There are a series of staging posts, or turn-offs or cut-throughs, along this road from applied AI to agentic AI – which twist and turn, and combine to reach a destination. AI is shifting from static pattern-matching, where systems identify trends from past data, to dynamic reasoning, where they adapt to real-time conditions, and learn from them. This strategic chicanery is unfolding in front of us. Again, Fatih Nar at Red Hat walks us through the journey so far.
“When we started, it was all based on time-series data – numbers and counters, and key performance indicators. It was a logistical progression; a mathematical formulation predicting the next number based on environmental variables. And then gen AI comes in as a text-based prediction methodology, which just predicts the next thing out of your mouth, and that mutates into a multi-modal system to generate video, audio, even numerical time-series data.
“Where you had one for image generation and one for video, there is only one model now – the 4.0 model, or whatever.
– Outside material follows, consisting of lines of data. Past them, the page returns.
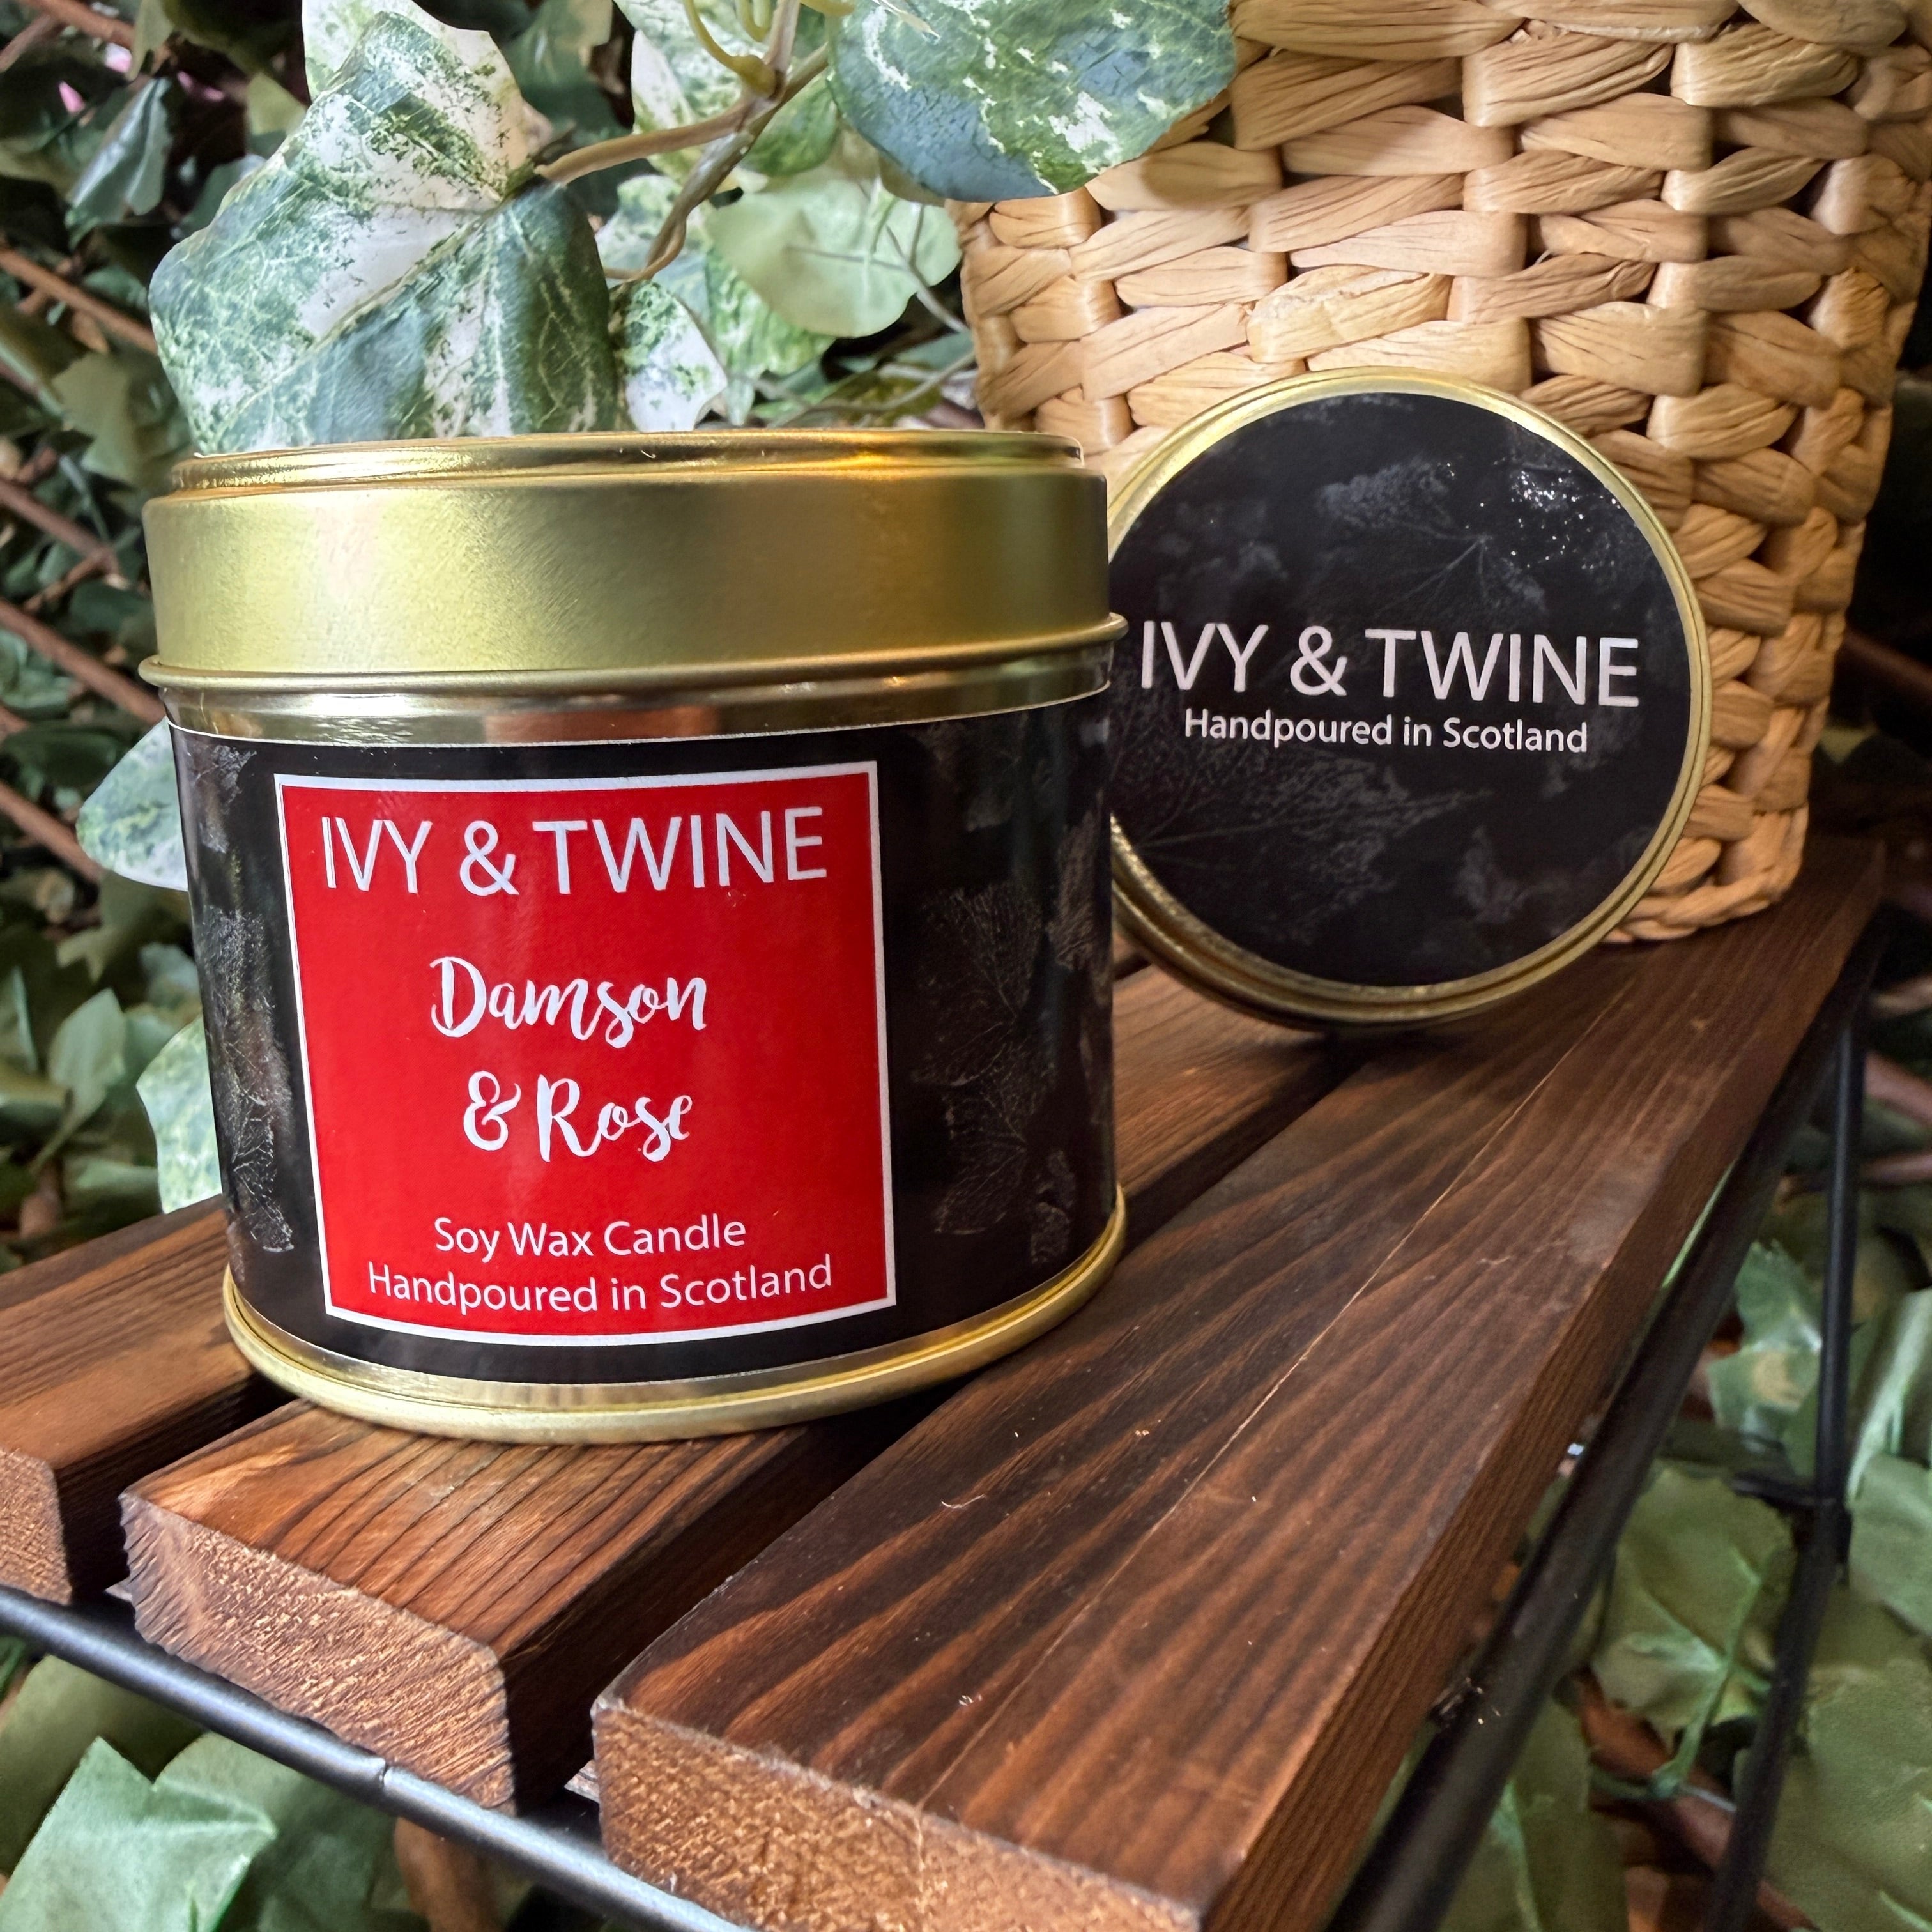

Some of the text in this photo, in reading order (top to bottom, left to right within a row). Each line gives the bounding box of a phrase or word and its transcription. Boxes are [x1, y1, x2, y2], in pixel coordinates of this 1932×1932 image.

[1141, 620, 1640, 708] IVY & TWINE
[1184, 707, 1588, 754] Handpoured in Scotland
[321, 806, 827, 897] IVY & TWINE
[429, 956, 707, 1050] Damson
[462, 1070, 693, 1163] & Rose
[433, 1212, 747, 1264] Soy Wax Candle
[368, 1252, 833, 1316] Handpoured in Scotland
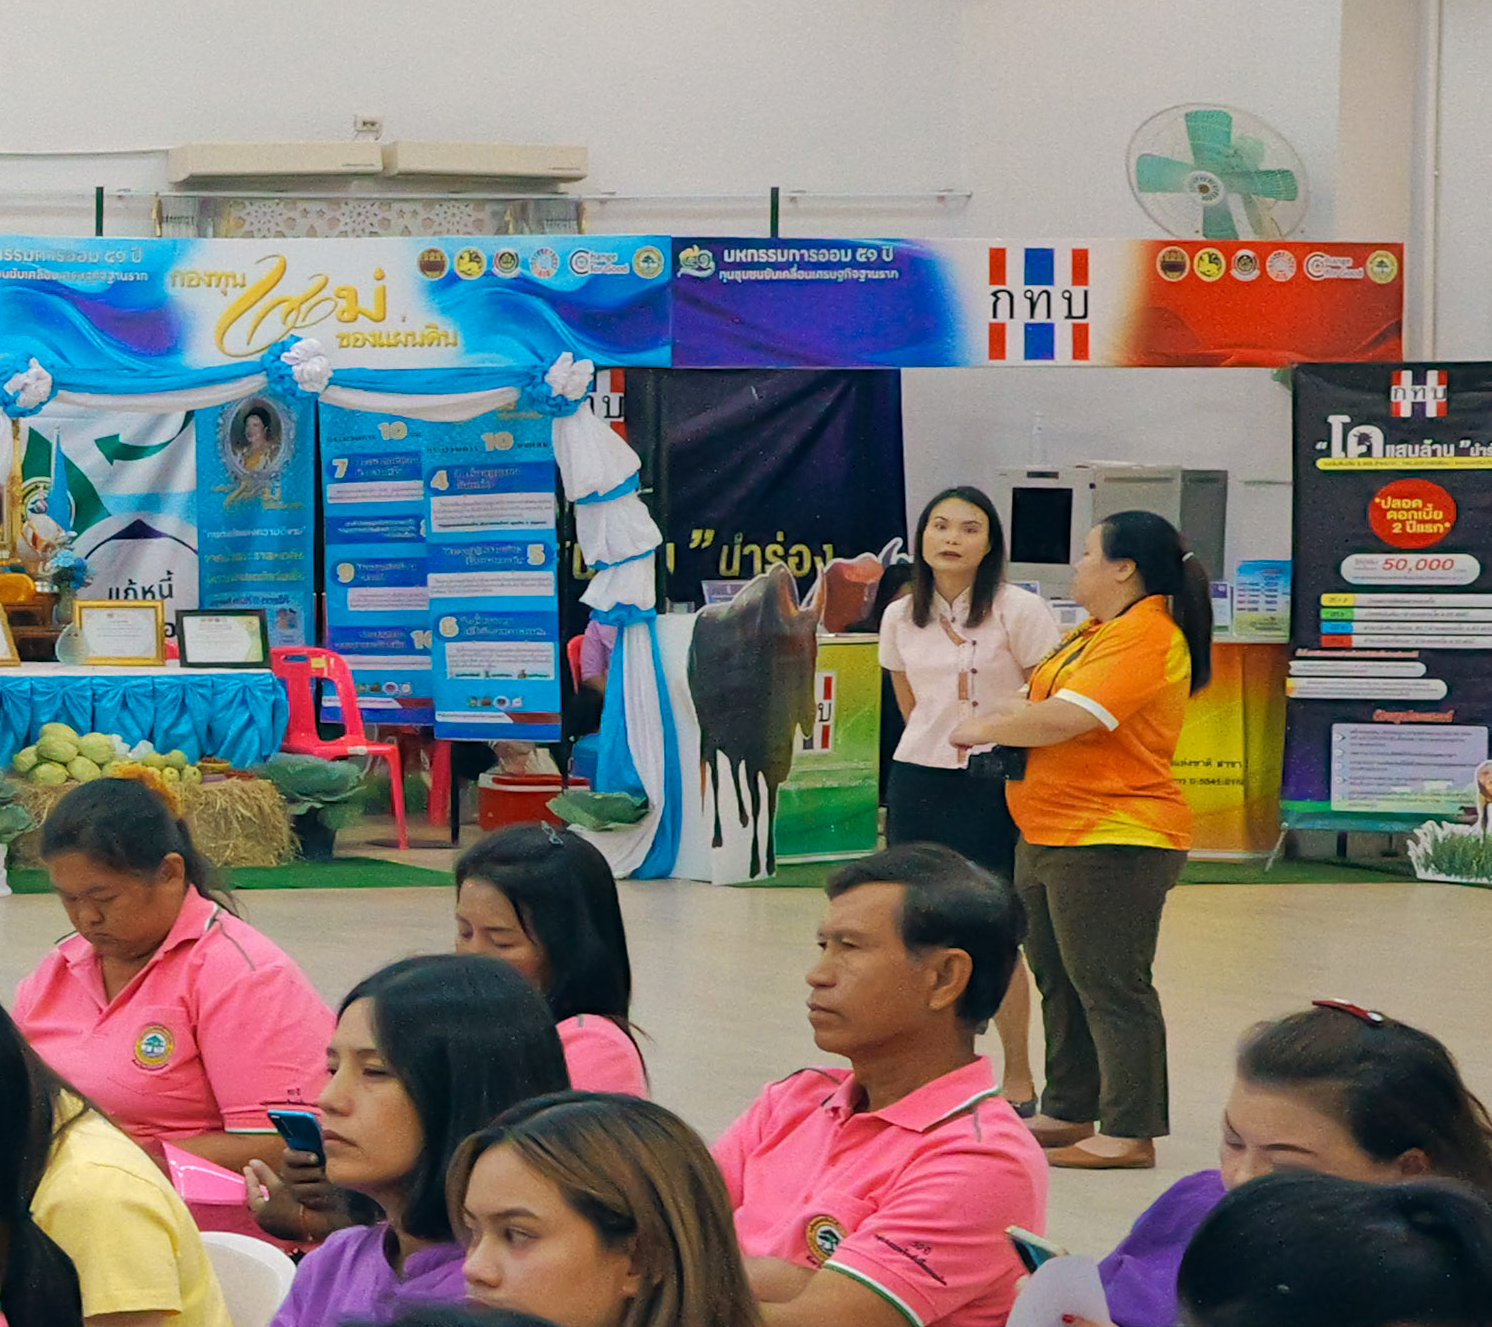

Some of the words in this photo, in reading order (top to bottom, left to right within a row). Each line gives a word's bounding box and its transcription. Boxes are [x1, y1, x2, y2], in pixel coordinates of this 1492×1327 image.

Which uses this mixture-of-experts (MoE) concept to deliver multimodal [content], trained on different data, to different industries and enterprises. This is the era we are living in; that is where we are going.” He references AI upstart DeepSeek for pushing the MoE agenda, and Open AI (ChatGPT 4.0, “or whatever”) for fusing modalities.
Both are illustrative. Nar goes on: “In telecom, this [application of multi-modal MoE techniques] means predicting radio efficiency in rain and traffic and smoky weather. Which means it takes a picture of a radio site, a readout from a weather sensor, data about fracking in Texas, and tells you a construction crane is blocking the line-of-sight between macro cells, and there’s noise and pollution, and that all these things are degrading your radio propagation.”